US 11,681,870 B2
Reducing latency and improving accuracy of work estimates utilizing natural language processing
Jeremy Bowers, Downers Grove, IL (US); and David Pearson, Downers Grove, IL (US)
Assigned to ENSONO, LP, Downers Grove, IL (US)
Appl. No. 16/963,882
Filed by Ensono, LP, Downers Grove, IL (US)
PCT Filed Jan. 28, 2019, PCT No. PCT/US2019/015447
§ 371(c)(1), (2) Date Jul. 22, 2020,
PCT Pub. No. WO2019/148115, PCT Pub. Date Aug. 1, 2019.
Claims priority of provisional application 62/622,559, filed on Jan. 26, 2018.
Prior Publication US 2021/0050019 A1, Feb. 18, 2021
Int. Cl. G06F 40/20 (2020.01); G10L 15/22 (2006.01); G10L 15/34 (2013.01)

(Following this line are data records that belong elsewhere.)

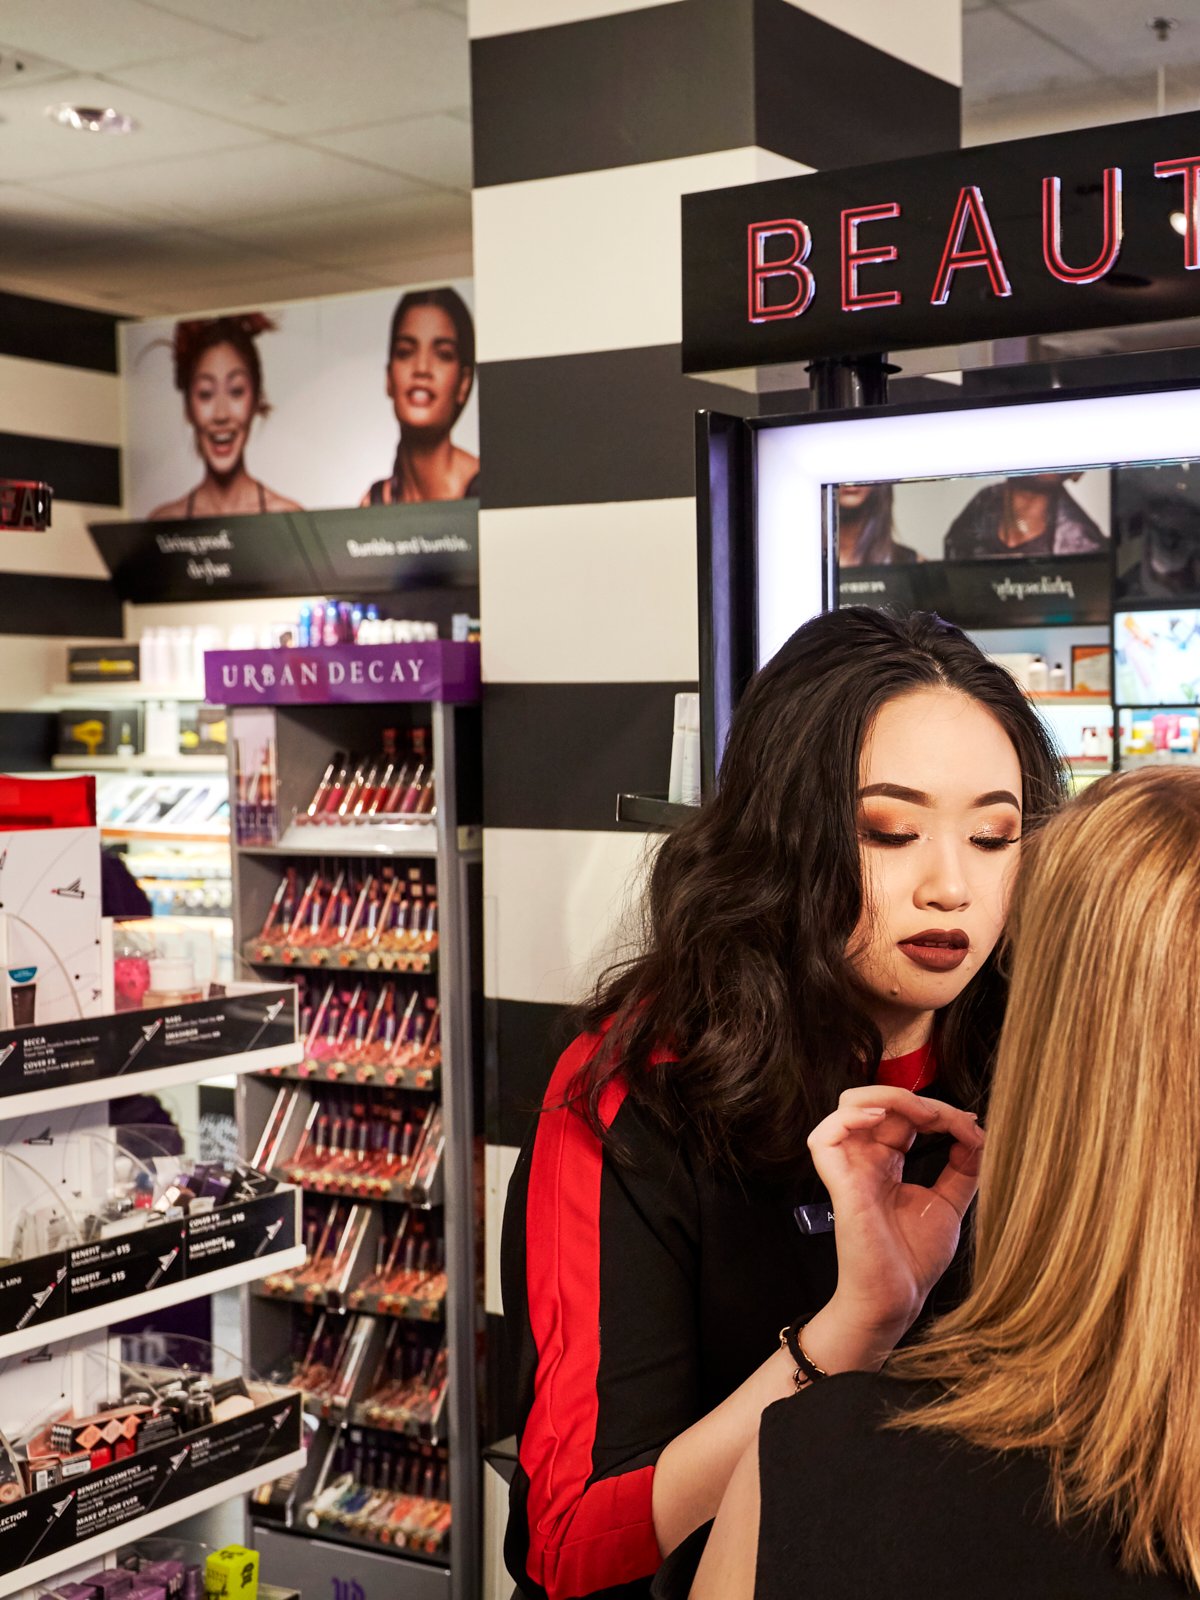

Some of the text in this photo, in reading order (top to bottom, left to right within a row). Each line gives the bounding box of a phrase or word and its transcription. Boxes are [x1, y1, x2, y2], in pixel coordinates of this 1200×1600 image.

[346, 538, 396, 559] Bumble
[396, 535, 420, 556] and
[222, 658, 425, 694] URBAN DECAY
[71, 1245, 100, 1261] BENEFIT
[71, 1271, 100, 1287] BENEFIT
[0, 1509, 28, 1528] ECTION
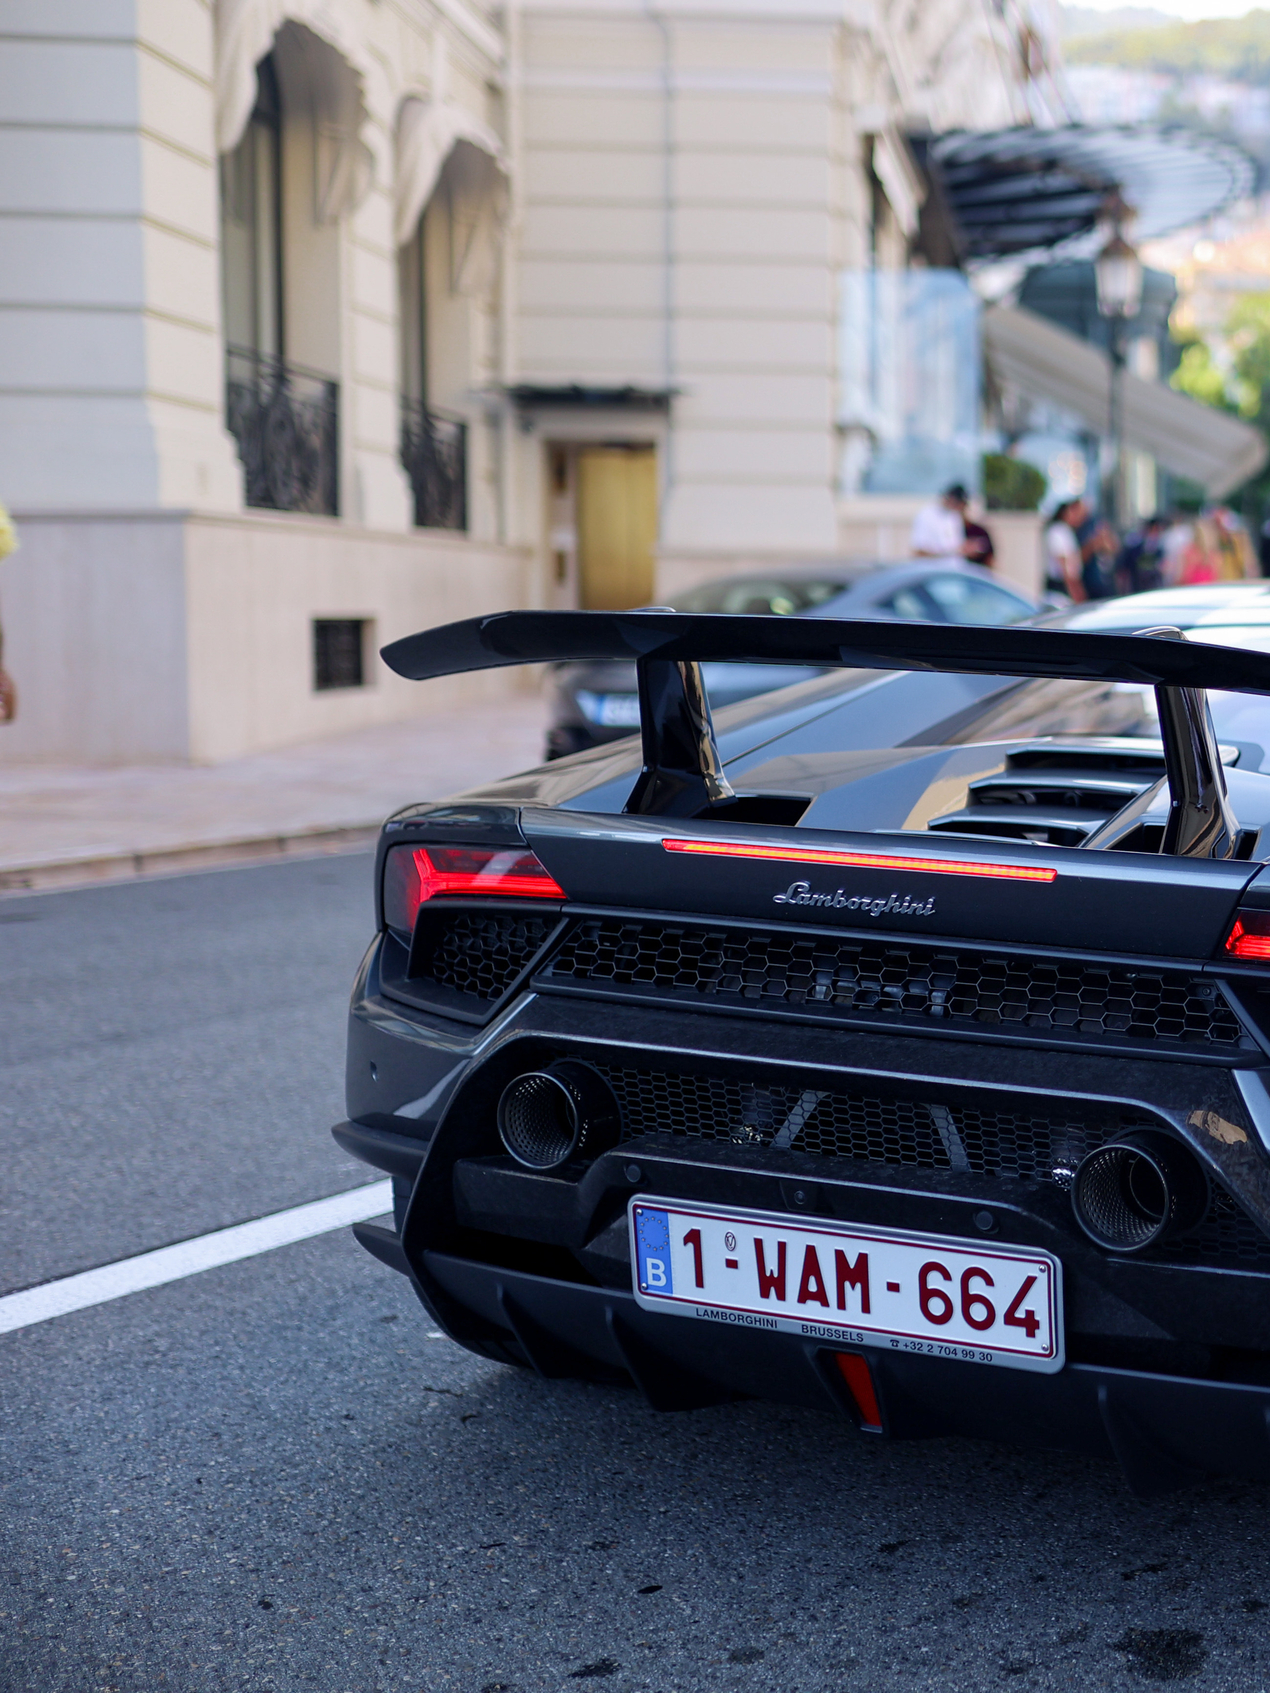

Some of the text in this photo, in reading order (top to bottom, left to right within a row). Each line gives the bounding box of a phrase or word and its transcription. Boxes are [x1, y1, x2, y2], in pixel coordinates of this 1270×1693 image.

[772, 880, 936, 917] Lamborghini
[646, 1258, 667, 1287] B
[696, 1308, 864, 1342] LAMBORGHINI BRUSSELS
[903, 1341, 993, 1362] +32 2 704 99 30

CPC G06F 40/20 (2020.01) [G10L 15/22 (2013.01); G10L 15/34 (2013.01)] 20 Claims
OG exemplary drawing
 
1. A system for reducing latency and improving accuracy in estimating work utilizing natural language processing devices and serverless event-driven parallel data processing architectures, the system comprising:
a project management platform configured to store information about one or more completed work projects in a database of completed stories and story point values, wherein the completed stories comprise keywords or phrases;
a natural language input and output device configured to capture audio and video input from a user and output an audio or video message including a work estimate, wherein the natural language input and output device comprises a speech engine that controls capture of an audio and video data stream upon detection of a wake word, and a communication interface configured to establish a communication channel between the natural language input and output device and a voice processing service, wherein the natural language input and output device transmits the audio and video data stream to the voice processing service over the communication channel, and wherein the voice processing service is configured to process the audio and video data stream to identify a command and one or more parameters, and create one or more response messages for transmitting to the natural language input and output device, and when the command corresponds to a request for the work estimate the voice processing service transmits an event trigger and the one or more parameters; and
a serverless compute service configured to receive application code, and the one or more parameters transmitted from the voice processing service, wherein the application code executes in response to the event trigger, the application code comprising instructions to determine the work estimate based on the one or more parameters,
wherein:
the one or more parameters define a scope of the work estimate;
the work estimate is determined by applying a Bayesian classifier to the one or more parameters and the information about one or more completed work projects stored in the project management platform;
the work estimate is further determined by calculating a prior probability for each of the keywords or phrases occurring in the completed stories;
the prior probabilities for the keywords or phrases are stored in a historical database;
applying the Bayesian classifier to the one or more parameters comprises classifying the one or more parameters based on the prior probabilities for the keywords or phrases;
the keywords or phrases occurring in the completed stories are dynamically displayed in a visualization module as a word cloud;
the word cloud displays positions of the keywords or phrases based on a clustering the keywords or phrases by relevance distances representing semantic closeness; and
the relevance distances are generated based on multidimensional scaling of a matrix in an n-dimensional space that represents distances between the keywords or phrases.